Christophe Brua, entomologiste
Des buis, il n'en reste donc plus beaucoup dans la cité du Bollwerk. Quelques linéaires au parc Wallach et devant la mairie mais un projet de réaménagement faisant la part belle aux prairies fleuries devrait finir de les achever. C'est dans l'air du temps. "On laisse la nature prendre des formes plus libres, on n'est plus dans les haies très structurées type jardin à la française" constate Nicolas Diertsein.
De son côté, Christophe Brua est plus sentimental "Je pleure quand je vois les dégâts sur les buis au parc de Pourtalès à Strasbourg" confie l’entomologiste. "Ces buis font partie de l’architecture paysagère des jardins, si on les coupe ou si on les remplace, c’est regrettable d’un point de vue patrimonial". D’autant qu’il est possible selon lui de maintenir des buis d’ornement en milieu urbain.
La panoplie de traitements efficaces est vaste, des plus chimiques au plus artisanaux et tous disponibles en jardinerie.

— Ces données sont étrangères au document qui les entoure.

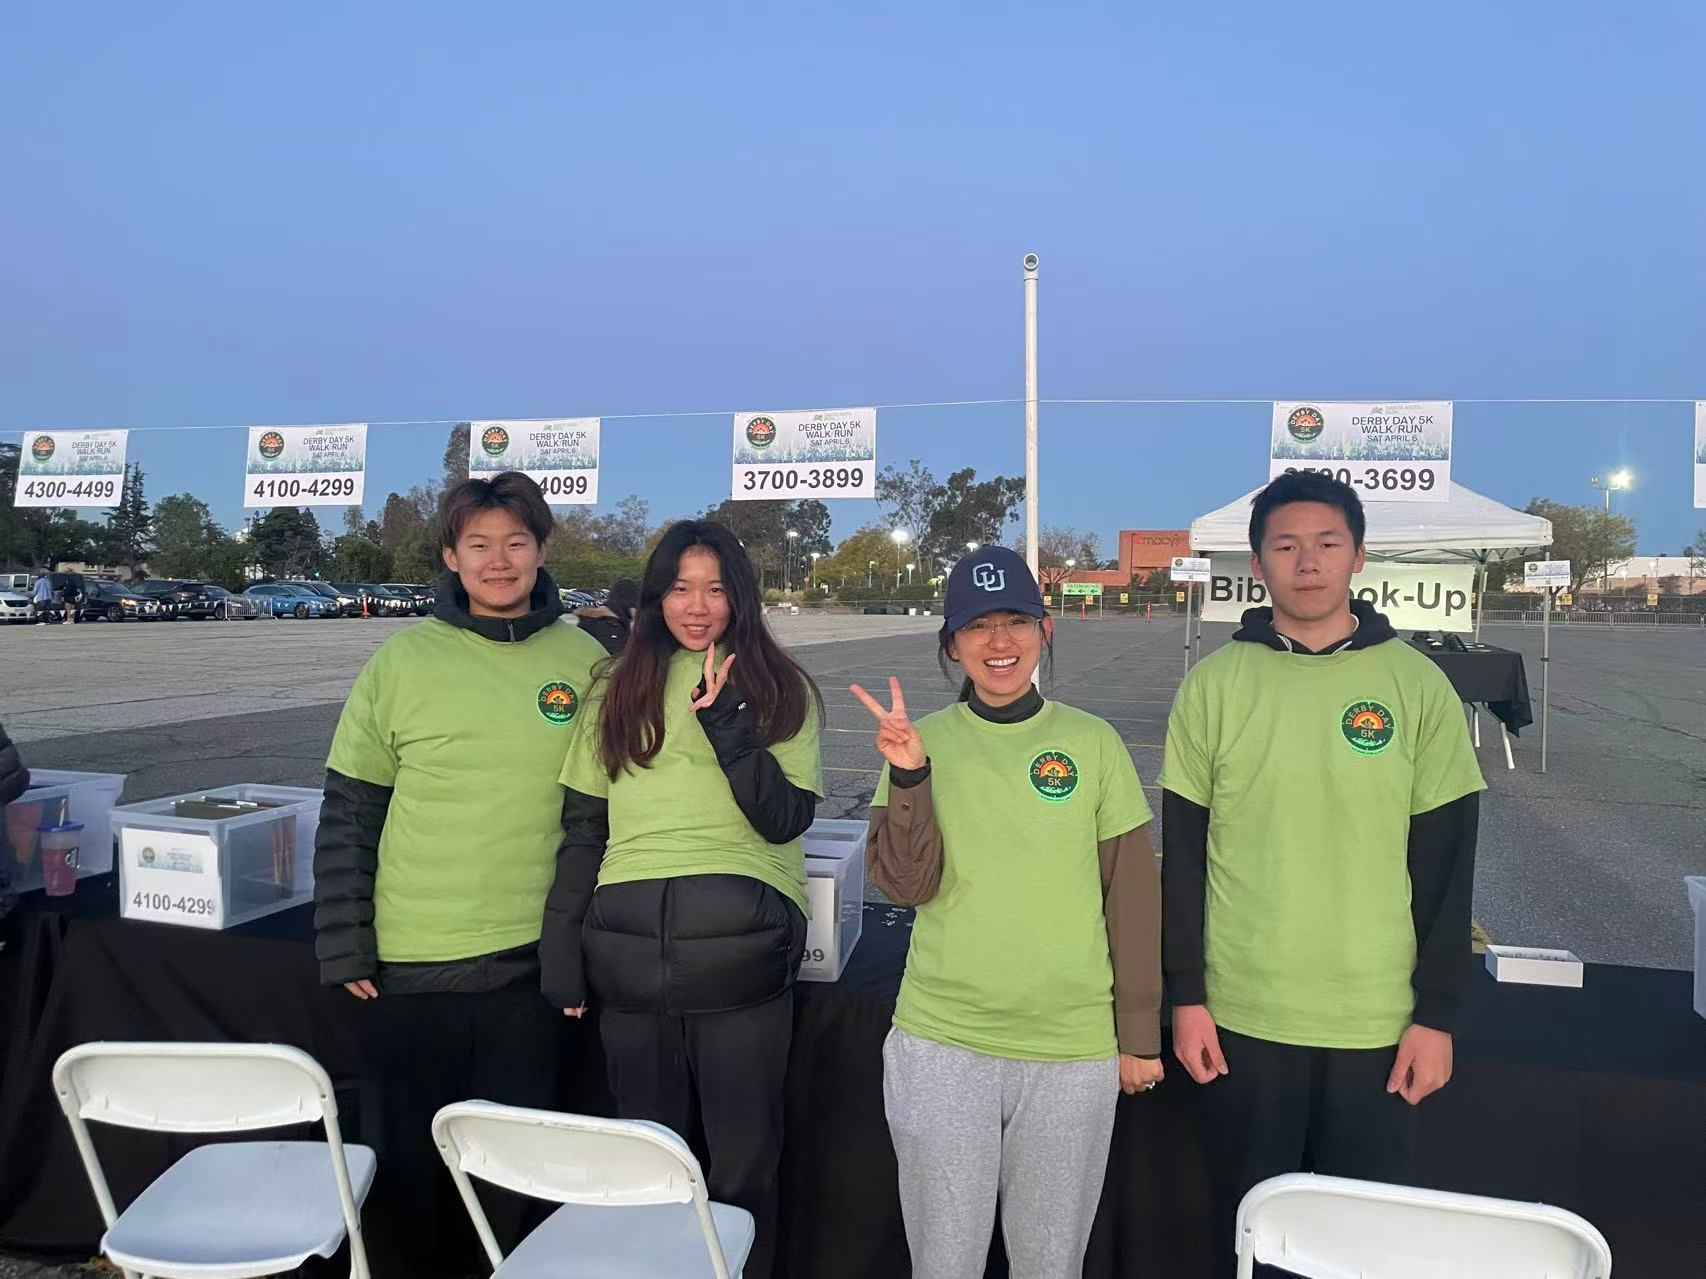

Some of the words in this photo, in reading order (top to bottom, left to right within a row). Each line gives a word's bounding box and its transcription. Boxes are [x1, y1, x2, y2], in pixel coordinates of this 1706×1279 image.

Le traditionnel mélange d’huile de Colza et de pyrèthre, les trichogrammes, ces micro-guêpes qui parasitent les œufs, les pièges à phéromones pour neutraliser les mâles ou encore, la dernière nouveauté, les larves de chrysopes qui se régalent des jeunes chenilles.
Efficaces dans les jardins, ces traitements sont toutefois inopérants dans les milieux naturels où les buis autochtones s’étendent sur des milliers d’hectares. "Dans ces zones naturelles, la pyrale exerce une pression constante sur le buis, à force, il y a un épuisement de la plante et on peut légitimement craindre sa disparition" estime Christophe Bruat. En Alsace, seule la forêt du Buxberg à Tagolsehim dans le Haut-Rhin présente des buis naturels. L’espace ravagé en 2013 par la pyrale est aujourd’hui extrêmement fragilisé.